Improvement in thermal endurance of D-mannitol as phase-change material by impregnation into nanosized pores

• D-mannitol was used as phase change material.
• D-mannitol was supported into nano-sized pore of porous SiO2.
• The melting point of D-mannitol was decreased with smaller pore of porous SiO2.
• Thermal endurance of D-mannitol was improved.
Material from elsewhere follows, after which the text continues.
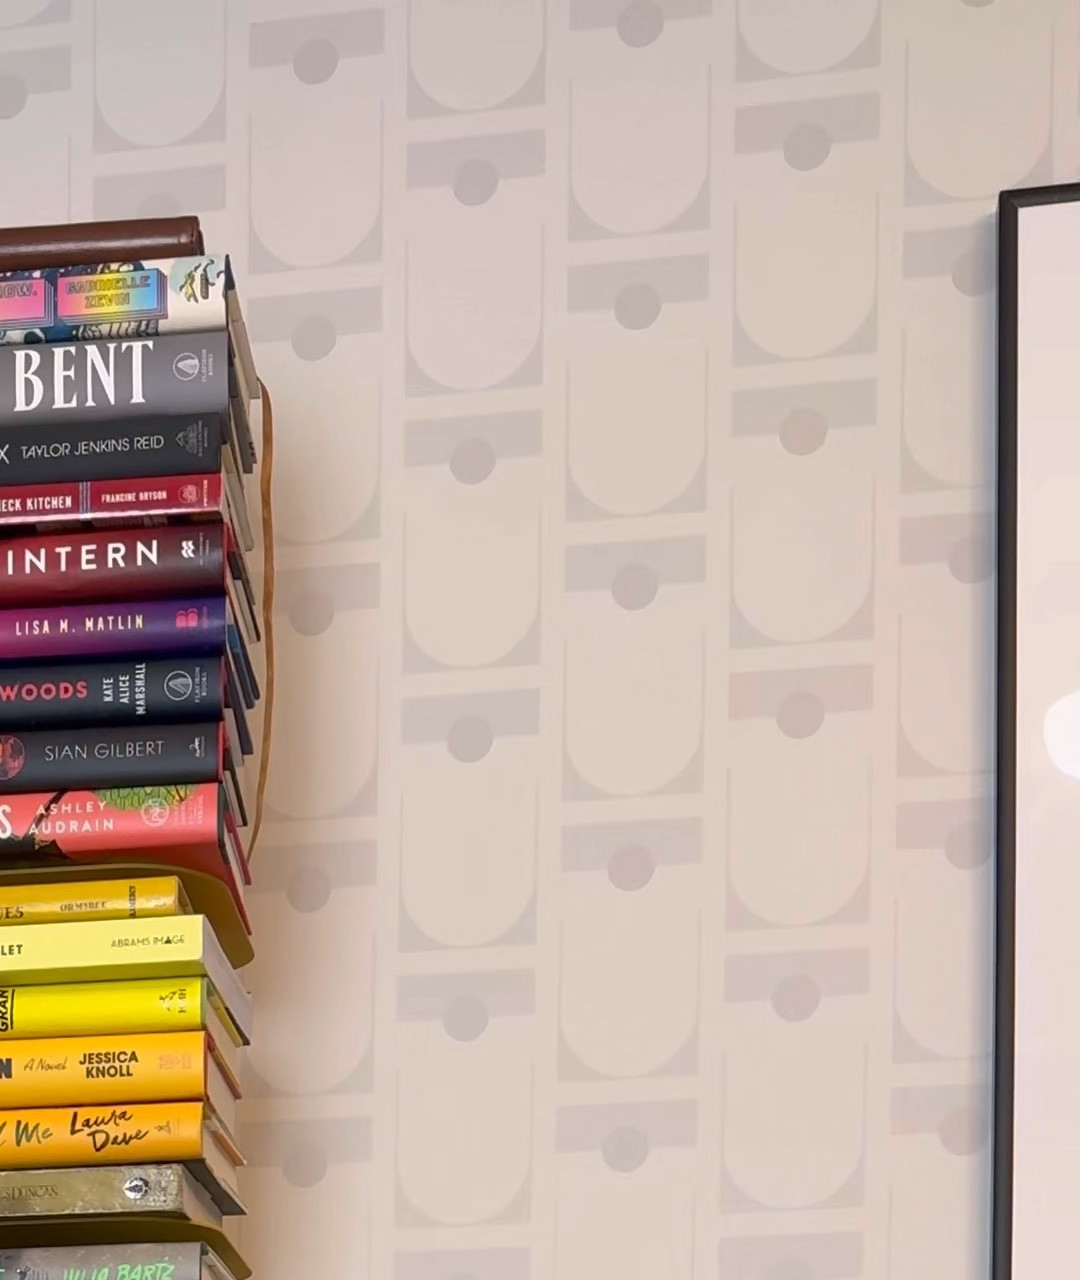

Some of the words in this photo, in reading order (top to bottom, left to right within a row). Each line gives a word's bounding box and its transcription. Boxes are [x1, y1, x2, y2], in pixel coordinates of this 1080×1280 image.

This paper describes the control of the melting point and improvement of the thermal endurance of D-mannitol (melting point Tm = 440 K) as a phase-change material (PCM) by vacuum impregnation of the PCM into nanosized pores of porous SiO2 grains. First, we examined the effects of the average pore size (DP) of porous SiO2 on Tm and latent heat (L) of PCM/SiO2 composites. Second, we investigated the thermal endurance of the composites using constant temperature kinetics based on L of the PCM and composites. Third, we performed cyclic tests of melting and freezing on the composite to evaluate leakage of the PCM. Thermophysical properties of the samples were measured by differential scanning calorimetry, and the following results were obtained: (1) The impregnation ratio of the composites was 0.91–0.99; therefore, almost all pores were completely filled with the PCM. (2) Tm shifted to lower temperature with smaller DP, reaching 413 K in case of the PCM/SiO2 composite with a DP of 11.6 nm (3) Tm was derived as a function of DP from the Gibbs–Thomson equation taking into account the existence of a nonfreezing layer on the surface of the pore wall. (4) The duration of thermal degradation of the PCM/SiO2 composite with DP = 11.6 nm was three times longer than that of the pure PCM at a temperature that is 10 K more than each melting point. (5) The PCM/SiO2 composite with DP = 11.6 nm can use as a shape-stable PCM composite without leakage of PCM.